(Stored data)
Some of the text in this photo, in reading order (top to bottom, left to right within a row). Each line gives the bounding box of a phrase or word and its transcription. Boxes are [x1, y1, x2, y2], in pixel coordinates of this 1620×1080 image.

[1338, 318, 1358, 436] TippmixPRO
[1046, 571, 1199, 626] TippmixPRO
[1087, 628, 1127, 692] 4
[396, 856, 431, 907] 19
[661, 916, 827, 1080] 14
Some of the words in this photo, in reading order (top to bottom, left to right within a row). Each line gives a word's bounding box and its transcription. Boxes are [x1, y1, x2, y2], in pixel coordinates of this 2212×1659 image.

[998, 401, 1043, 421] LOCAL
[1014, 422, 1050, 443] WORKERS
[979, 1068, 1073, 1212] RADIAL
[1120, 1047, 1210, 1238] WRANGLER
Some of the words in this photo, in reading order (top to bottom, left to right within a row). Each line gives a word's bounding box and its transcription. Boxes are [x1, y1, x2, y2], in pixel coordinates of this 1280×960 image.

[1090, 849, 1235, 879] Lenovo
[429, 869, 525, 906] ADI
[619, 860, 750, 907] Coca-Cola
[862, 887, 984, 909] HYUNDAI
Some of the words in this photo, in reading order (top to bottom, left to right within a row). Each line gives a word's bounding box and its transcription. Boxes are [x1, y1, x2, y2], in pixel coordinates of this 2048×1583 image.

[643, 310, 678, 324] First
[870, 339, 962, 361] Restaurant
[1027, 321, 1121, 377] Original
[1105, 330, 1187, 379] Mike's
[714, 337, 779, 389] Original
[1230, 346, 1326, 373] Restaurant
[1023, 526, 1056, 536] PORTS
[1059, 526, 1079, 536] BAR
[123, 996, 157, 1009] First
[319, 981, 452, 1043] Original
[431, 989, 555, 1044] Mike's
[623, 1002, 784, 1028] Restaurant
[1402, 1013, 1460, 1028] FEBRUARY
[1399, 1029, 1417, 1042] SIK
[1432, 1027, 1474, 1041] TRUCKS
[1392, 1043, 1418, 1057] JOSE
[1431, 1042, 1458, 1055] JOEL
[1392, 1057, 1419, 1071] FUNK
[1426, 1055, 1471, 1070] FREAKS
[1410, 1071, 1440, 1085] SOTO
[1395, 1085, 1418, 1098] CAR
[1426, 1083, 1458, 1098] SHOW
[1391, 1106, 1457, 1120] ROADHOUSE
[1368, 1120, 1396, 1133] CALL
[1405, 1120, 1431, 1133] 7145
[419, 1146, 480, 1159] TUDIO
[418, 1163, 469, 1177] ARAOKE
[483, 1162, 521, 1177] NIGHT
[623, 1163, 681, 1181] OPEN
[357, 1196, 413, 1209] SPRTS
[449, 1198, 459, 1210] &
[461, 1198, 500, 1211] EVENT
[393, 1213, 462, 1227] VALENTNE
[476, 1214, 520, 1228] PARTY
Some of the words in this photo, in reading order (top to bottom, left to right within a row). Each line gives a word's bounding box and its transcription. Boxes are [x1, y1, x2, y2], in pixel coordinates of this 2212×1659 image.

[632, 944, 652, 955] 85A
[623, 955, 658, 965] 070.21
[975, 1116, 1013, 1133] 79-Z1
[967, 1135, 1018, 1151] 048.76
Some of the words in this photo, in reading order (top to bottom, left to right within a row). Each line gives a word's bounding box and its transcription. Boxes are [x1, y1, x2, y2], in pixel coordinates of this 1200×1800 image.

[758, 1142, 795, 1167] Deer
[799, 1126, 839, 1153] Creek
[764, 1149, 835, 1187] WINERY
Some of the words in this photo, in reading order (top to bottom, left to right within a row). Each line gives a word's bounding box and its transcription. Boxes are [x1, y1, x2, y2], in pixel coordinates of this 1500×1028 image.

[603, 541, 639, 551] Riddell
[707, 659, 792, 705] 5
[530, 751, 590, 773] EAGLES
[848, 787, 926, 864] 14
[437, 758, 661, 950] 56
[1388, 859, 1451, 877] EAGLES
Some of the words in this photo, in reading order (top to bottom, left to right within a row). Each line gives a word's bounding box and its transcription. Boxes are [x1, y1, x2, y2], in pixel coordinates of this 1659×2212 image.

- **Task description**: Reproduce all entries. Keep them exact.

- **Task result**:
Some of the text in this photo, in reading order (top to bottom, left to right within a row). Each line gives the bounding box of a phrase or word and its transcription. Boxes are [x1, y1, x2, y2], in pixel coordinates of this 1620×1080 image.

[1338, 318, 1358, 436] TippmixPRO
[1046, 571, 1199, 626] TippmixPRO
[1087, 628, 1127, 692] 4
[396, 856, 431, 907] 19
[661, 916, 827, 1080] 14
Some of the words in this photo, in reading order (top to bottom, left to right within a row). Each line gives a word's bounding box and its transcription. Boxes are [x1, y1, x2, y2], in pixel coordinates of this 2212×1659 image.

[998, 401, 1043, 421] LOCAL
[1014, 422, 1050, 443] WORKERS
[979, 1068, 1073, 1212] RADIAL
[1120, 1047, 1210, 1238] WRANGLER
Some of the words in this photo, in reading order (top to bottom, left to right within a row). Each line gives a word's bounding box and its transcription. Boxes are [x1, y1, x2, y2], in pixel coordinates of this 1280×960 image.

[1090, 849, 1235, 879] Lenovo
[429, 869, 525, 906] ADI
[619, 860, 750, 907] Coca-Cola
[862, 887, 984, 909] HYUNDAI
Some of the words in this photo, in reading order (top to bottom, left to right within a row). Each line gives a word's bounding box and its transcription. Boxes are [x1, y1, x2, y2], in pixel coordinates of this 2048×1583 image.

[643, 310, 678, 324] First
[870, 339, 962, 361] Restaurant
[1027, 321, 1121, 377] Original
[1105, 330, 1187, 379] Mike's
[714, 337, 779, 389] Original
[1230, 346, 1326, 373] Restaurant
[1023, 526, 1056, 536] PORTS
[1059, 526, 1079, 536] BAR
[123, 996, 157, 1009] First
[319, 981, 452, 1043] Original
[431, 989, 555, 1044] Mike's
[623, 1002, 784, 1028] Restaurant
[1402, 1013, 1460, 1028] FEBRUARY
[1399, 1029, 1417, 1042] SIK
[1432, 1027, 1474, 1041] TRUCKS
[1392, 1043, 1418, 1057] JOSE
[1431, 1042, 1458, 1055] JOEL
[1392, 1057, 1419, 1071] FUNK
[1426, 1055, 1471, 1070] FREAKS
[1410, 1071, 1440, 1085] SOTO
[1395, 1085, 1418, 1098] CAR
[1426, 1083, 1458, 1098] SHOW
[1391, 1106, 1457, 1120] ROADHOUSE
[1368, 1120, 1396, 1133] CALL
[1405, 1120, 1431, 1133] 7145
[419, 1146, 480, 1159] TUDIO
[418, 1163, 469, 1177] ARAOKE
[483, 1162, 521, 1177] NIGHT
[623, 1163, 681, 1181] OPEN
[357, 1196, 413, 1209] SPRTS
[449, 1198, 459, 1210] &
[461, 1198, 500, 1211] EVENT
[393, 1213, 462, 1227] VALENTNE
[476, 1214, 520, 1228] PARTY
Some of the words in this photo, in reading order (top to bottom, left to right within a row). Each line gives a word's bounding box and its transcription. Boxes are [x1, y1, x2, y2], in pixel coordinates of this 2212×1659 image.

[632, 944, 652, 955] 85A
[623, 955, 658, 965] 070.21
[975, 1116, 1013, 1133] 79-Z1
[967, 1135, 1018, 1151] 048.76
Some of the words in this photo, in reading order (top to bottom, left to right within a row). Each line gives a word's bounding box and its transcription. Boxes are [x1, y1, x2, y2], in pixel coordinates of this 1200×1800 image.

[758, 1142, 795, 1167] Deer
[799, 1126, 839, 1153] Creek
[764, 1149, 835, 1187] WINERY
Some of the words in this photo, in reading order (top to bottom, left to right within a row). Each line gives a word's bounding box and its transcription. Boxes are [x1, y1, x2, y2], in pixel coordinates of this 1500×1028 image.

[603, 541, 639, 551] Riddell
[707, 659, 792, 705] 5
[530, 751, 590, 773] EAGLES
[848, 787, 926, 864] 14
[437, 758, 661, 950] 56
[1388, 859, 1451, 877] EAGLES
Some of the words in this photo, in reading order (top to bottom, left to right within a row). Each line gives a word's bounding box and its transcription. Boxes are [x1, y1, x2, y2], in pixel coordinates of this 1659×2212 image.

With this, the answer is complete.